Le 28 juillet, en visite officielle en Guinée-­Bissau, le président français Emmanuel Macron jugeait que lutter contre le terrorisme n’était « plus l’objectif » de la junte militaire malienne. « C’est ce qui a présidé notre choix de quitter le sol malien », avait-­il ajouté. Bamako avait dénoncé cette posture « néocoloniale, paternaliste et condescendante ». La « réarticulation du dispositif de l’opération “Barkhane” », selon les termes employés par l’Elysée, devrait permettre de se recentrer sur le Niger. « La France reste engagée au Sahel, dans le golfe de Guinée et la région du lac Tchad », a précisé la présidence française. Pour Paris, « l’efficacité [des soldats français] a été démontrée par la neutralisation de la plupart des hauts cadres de la hiérarchie des groupes terroristes maliens ». Même si ces groupes sont toujours actifs. Le 7 août, à Tessit, dans la région de Gao, au moins 42 soldats maliens ont été tués, rappelant la puissance de feu des djihadistes. Et la menace progresse vers le sud, s’approchant de Bamako. Les pays voisins, bordant le golfe de Guinée, ne sont plus épargnés. Avec le départ de « Barkhane » du Mali, le pays ne risque-­t-­il pas de devenir un sanctuaire pour les groupes djihadistes ? « Ça ne sera plus notre problème », lâche une source diplomatique française, précisant que Paris n’avait « plus de base juridique pour pouvoir frapper les groupes terroristes au Mali ». Depuis plusieurs mois, Bamako mise sur la Russie pour l’aider à lutter contre les djihadistes plutôt que sur la France, l’Union européenne, la Mission des Nations unies pour la stabilisation au Mali (Minusma) ou le G5 Sahel (organisation sous-­régionale réunissant Mauritanie, Mali, Niger, Burkina Faso et Tchad), à l’encontre desquels la junte a multiplié les critiques et les entraves. En janvier, les premiers éléments du groupe russe de sécurité privé Wagner sont arrivés au Mali. Les livraisons de matériel militaire russe se sont accélérées. La présence de Wagner au Mali – que Bamako continue de nier – a précipité la fin de l’opération « Barkhane » dans le pays, préalablement annoncée par Emmanuel Macron, le 17 février. Un millier de mercenaires russes seraient déployés au nord et dans le centre, y compris dans certaines des bases laissées par « Barkhane ». Plusieurs sources françaises font ainsi part de leur crainte de voir celle de Gao occupée rapidement par les Russes. Ce fut le cas à Tombouctou, Ménaka et Gossi, selon elles.

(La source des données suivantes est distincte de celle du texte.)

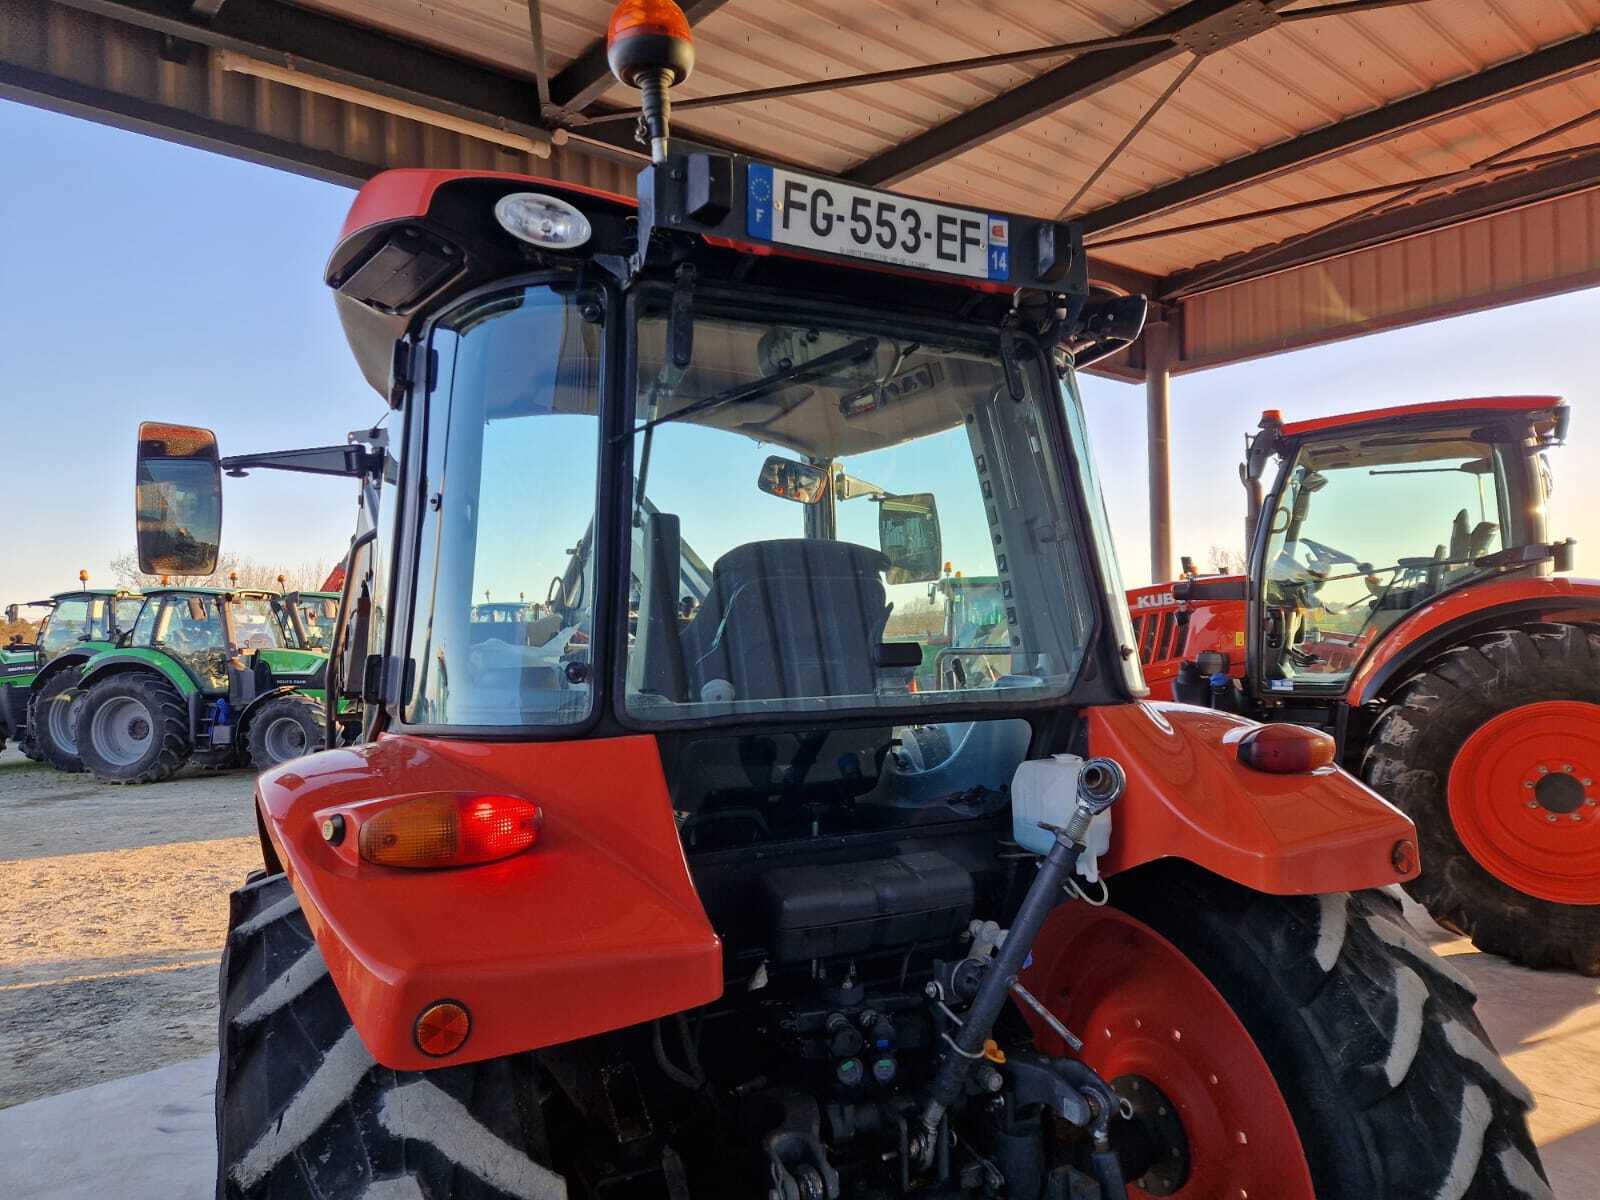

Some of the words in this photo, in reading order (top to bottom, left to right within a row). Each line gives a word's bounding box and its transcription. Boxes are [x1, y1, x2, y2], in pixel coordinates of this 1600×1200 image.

Anticiper un « coup politique »

En avril, la junte militaire malienne et ses alliés russes avaient accusé les militaires français d’avoir laissé un charnier derrière eux lors de leur départ de la base de Gossi. L’armée française avait alors répondu par une vidéo tournée depuis un drone montrant ce qu’elle affirmait être des mercenaires russes en train d’enterrer des corps près de l’emprise cédée par « Barkhane ». En juin, lors du retrait de Ménaka, une source diplomatique française avait affirmé que Paris a anticipé un « coup politique » de la junte en partant de la base plus tôt que prévu. Selon elle, Bamako cherchait à « financer des manifestations antifrançaises sur le trajet du convoi de “Barkhane”, dans l’objectif que ça dégénère, comme à Tera ». Dans cette localité nigérienne, trois manifestants avaient été tués en novembre 2021, lors de heurts survenus au passage d’un convoi militaire français. Dimanche, à Gao, quelques dizaines de personnes ont manifesté, exigeant le départ immédiat de « Barkhane », décrite sur les banderoles comme le « parrain des groupes terroristes ». Un collectif se présentant comme les « forces vives de Gao » a alors donné un ultimatum de soixante­-douze heures à la France, à l’issue duquel, prévenait-­il, « la circulation de toutes les forces étrangères » serait bloquée.